Task instructions
Leave out the pictures and reproduce all of the data exactly.

== Segment start ==

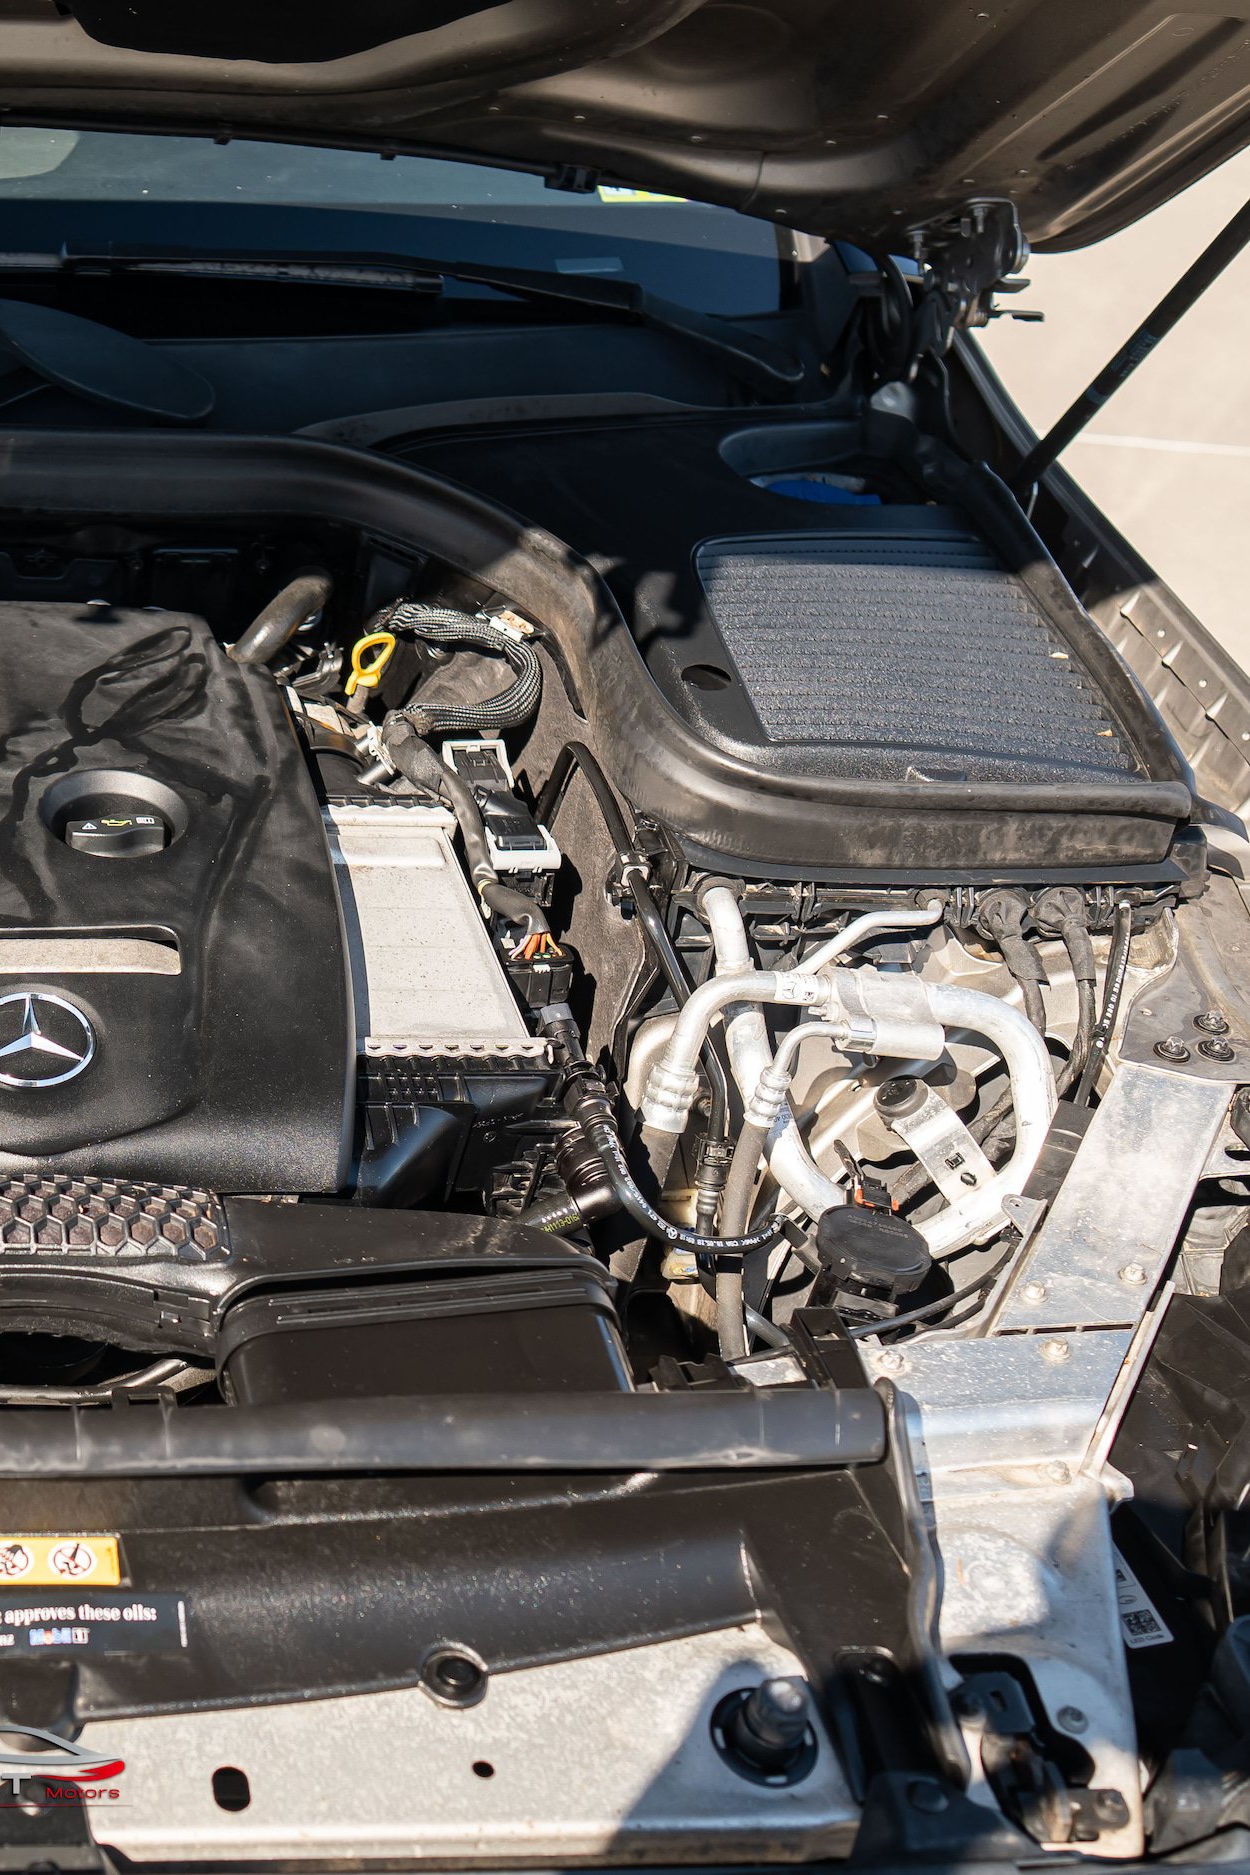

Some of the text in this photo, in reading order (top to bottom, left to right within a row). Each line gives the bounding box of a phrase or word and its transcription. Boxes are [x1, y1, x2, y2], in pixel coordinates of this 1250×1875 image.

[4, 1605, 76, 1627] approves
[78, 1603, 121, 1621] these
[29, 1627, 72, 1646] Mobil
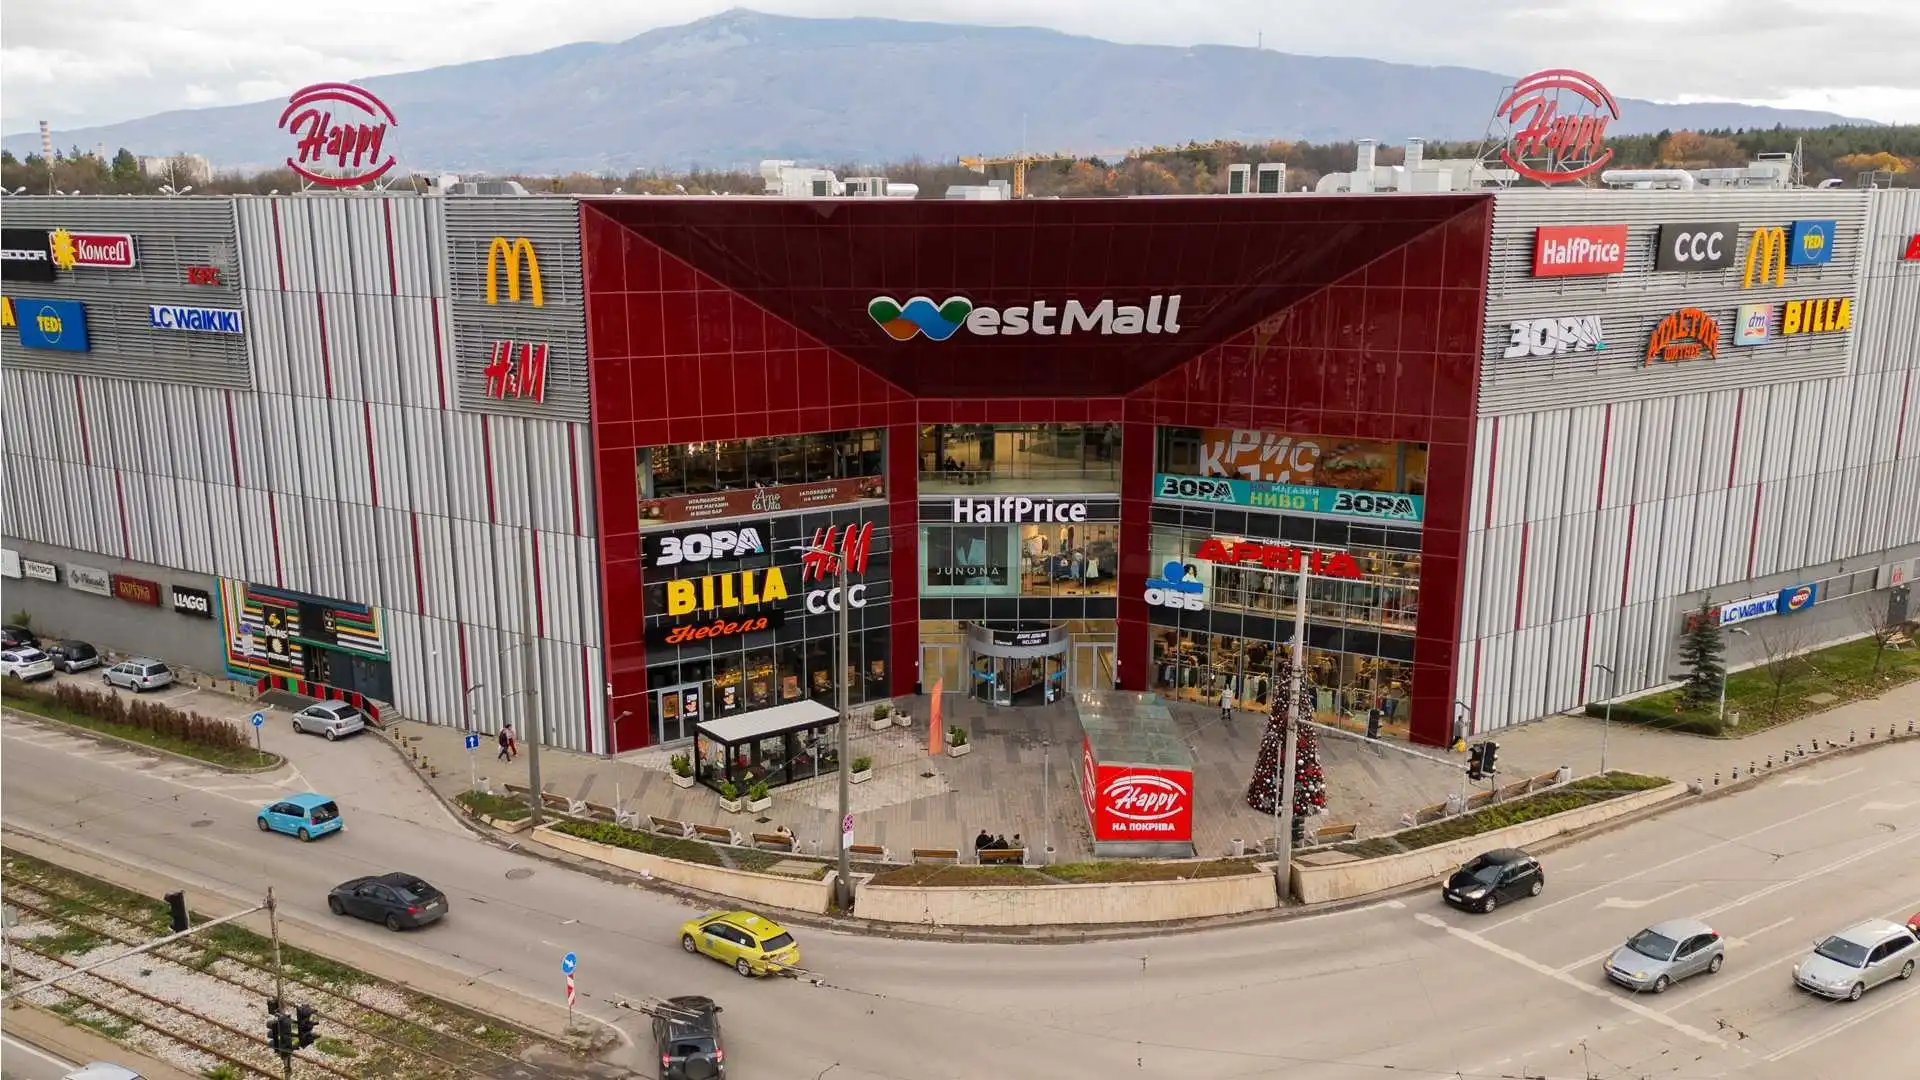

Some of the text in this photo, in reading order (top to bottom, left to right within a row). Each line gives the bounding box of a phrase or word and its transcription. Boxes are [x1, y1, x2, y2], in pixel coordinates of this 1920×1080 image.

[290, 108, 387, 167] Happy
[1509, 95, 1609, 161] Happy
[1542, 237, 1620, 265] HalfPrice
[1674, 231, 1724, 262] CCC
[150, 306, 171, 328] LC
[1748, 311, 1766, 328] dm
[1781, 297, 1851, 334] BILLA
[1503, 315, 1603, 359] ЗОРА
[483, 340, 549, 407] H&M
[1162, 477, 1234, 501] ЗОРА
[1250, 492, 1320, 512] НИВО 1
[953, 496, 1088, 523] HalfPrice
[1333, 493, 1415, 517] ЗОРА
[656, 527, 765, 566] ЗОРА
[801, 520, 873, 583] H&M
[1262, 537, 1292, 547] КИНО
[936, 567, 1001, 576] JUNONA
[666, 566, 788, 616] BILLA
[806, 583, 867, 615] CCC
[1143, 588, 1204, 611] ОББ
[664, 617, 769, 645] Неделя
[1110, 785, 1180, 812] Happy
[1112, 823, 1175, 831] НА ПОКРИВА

== Segment end ==

Finished task
Some of the text in this photo, in reading order (top to bottom, left to right within a row). Each line gives the bounding box of a phrase or word and its transcription. Boxes are [x1, y1, x2, y2], in pixel coordinates of this 1250×1875 image.

[4, 1605, 76, 1627] approves
[78, 1603, 121, 1621] these
[29, 1627, 72, 1646] Mobil

Some of the text in this photo, in reading order (top to bottom, left to right within a row). Each line gives the bounding box of a phrase or word and its transcription. Boxes are [x1, y1, x2, y2], in pixel coordinates of this 1920×1080 image.

[290, 108, 387, 167] Happy
[1509, 95, 1609, 161] Happy
[1542, 237, 1620, 265] HalfPrice
[1674, 231, 1724, 262] CCC
[150, 306, 171, 328] LC
[1748, 311, 1766, 328] dm
[1781, 297, 1851, 334] BILLA
[1503, 315, 1603, 359] ЗОРА
[483, 340, 549, 407] H&M
[1162, 477, 1234, 501] ЗОРА
[1250, 492, 1320, 512] НИВО 1
[953, 496, 1088, 523] HalfPrice
[1333, 493, 1415, 517] ЗОРА
[656, 527, 765, 566] ЗОРА
[801, 520, 873, 583] H&M
[1262, 537, 1292, 547] КИНО
[936, 567, 1001, 576] JUNONA
[666, 566, 788, 616] BILLA
[806, 583, 867, 615] CCC
[1143, 588, 1204, 611] ОББ
[664, 617, 769, 645] Неделя
[1110, 785, 1180, 812] Happy
[1112, 823, 1175, 831] НА ПОКРИВА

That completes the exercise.